**Aim of the exercise**
Reproduce, word for word, all of the records; the pictures stay out.

**Working data**
= = = =

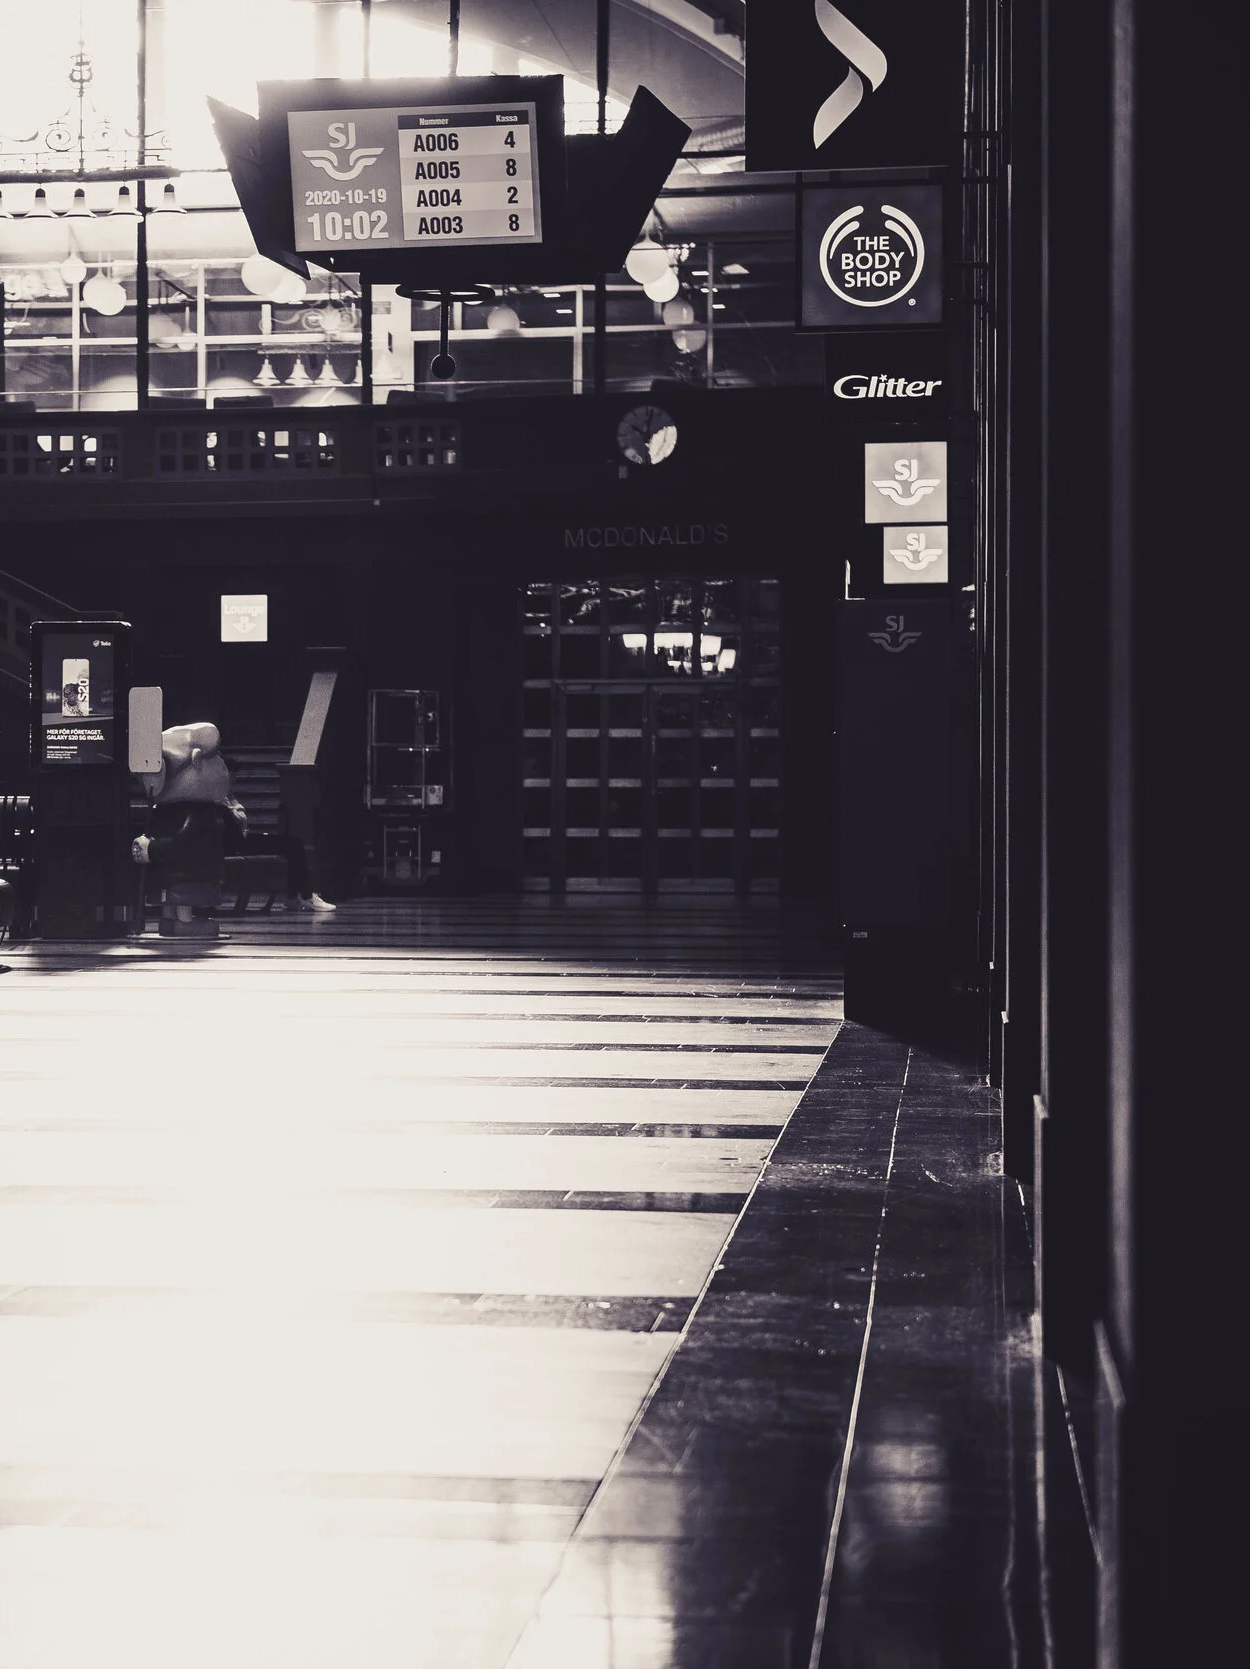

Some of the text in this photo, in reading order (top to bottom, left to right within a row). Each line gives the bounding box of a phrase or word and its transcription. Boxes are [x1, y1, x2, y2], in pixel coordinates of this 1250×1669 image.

[419, 114, 518, 126] Nummer Kassa
[327, 122, 356, 149] SJ
[413, 131, 516, 152] A006 4
[415, 158, 517, 180] A005 8
[305, 188, 387, 206] 2020-10-19
[416, 186, 519, 208] A004 2
[307, 210, 389, 241] 10:02
[418, 213, 520, 235] A003 8
[853, 236, 890, 251] THE
[841, 252, 905, 270] BODY
[844, 270, 901, 288] SHOP
[833, 373, 942, 399] Glitter
[893, 458, 919, 482] SJ
[564, 523, 729, 548] MCDONALD'S
[906, 532, 927, 552] SJ
[885, 615, 905, 632] SJ
[77, 678, 89, 702] S20

= = = =

**Written response**
Some of the text in this photo, in reading order (top to bottom, left to right within a row). Each line gives the bounding box of a phrase or word and its transcription. Boxes are [x1, y1, x2, y2], in pixel coordinates of this 1250×1669 image.

[419, 114, 518, 126] Nummer Kassa
[327, 122, 356, 149] SJ
[413, 131, 516, 152] A006 4
[415, 158, 517, 180] A005 8
[305, 188, 387, 206] 2020-10-19
[416, 186, 519, 208] A004 2
[307, 210, 389, 241] 10:02
[418, 213, 520, 235] A003 8
[853, 236, 890, 251] THE
[841, 252, 905, 270] BODY
[844, 270, 901, 288] SHOP
[833, 373, 942, 399] Glitter
[893, 458, 919, 482] SJ
[564, 523, 729, 548] MCDONALD'S
[906, 532, 927, 552] SJ
[885, 615, 905, 632] SJ
[77, 678, 89, 702] S20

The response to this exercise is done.